Source data
= = =
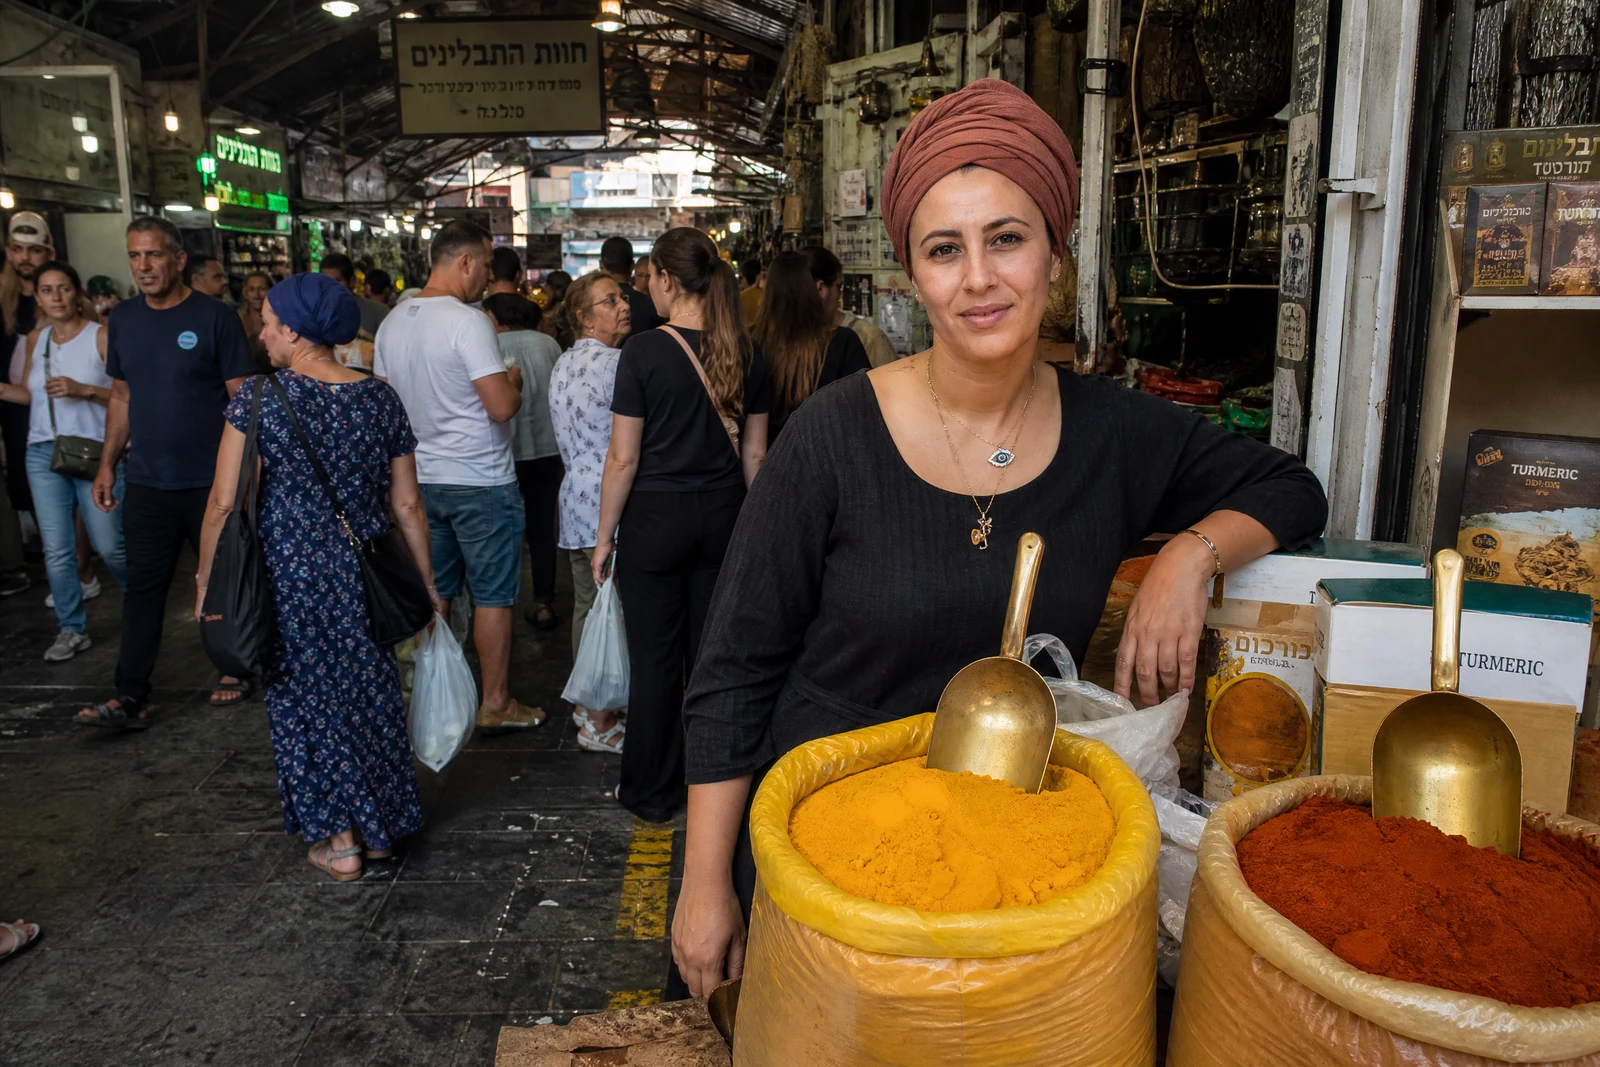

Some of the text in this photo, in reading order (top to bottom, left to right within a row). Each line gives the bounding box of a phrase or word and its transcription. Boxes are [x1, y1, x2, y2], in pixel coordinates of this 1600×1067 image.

[410, 38, 587, 67] חוות התבלינים
[1511, 463, 1579, 481] TURMERIC
[1235, 634, 1312, 661] כורכום
[1459, 651, 1544, 677] TURMERIC
= = =
Copy out the listing above in full and leave out its pictures.

Answer box
Some of the text in this photo, in reading order (top to bottom, left to right within a row). Each line gives the bounding box of a phrase or word and its transcription. Boxes are [x1, y1, x2, y2], in pixel coordinates of this 1600×1067 image.

[410, 38, 587, 67] חוות התבלינים
[1511, 463, 1579, 481] TURMERIC
[1235, 634, 1312, 661] כורכום
[1459, 651, 1544, 677] TURMERIC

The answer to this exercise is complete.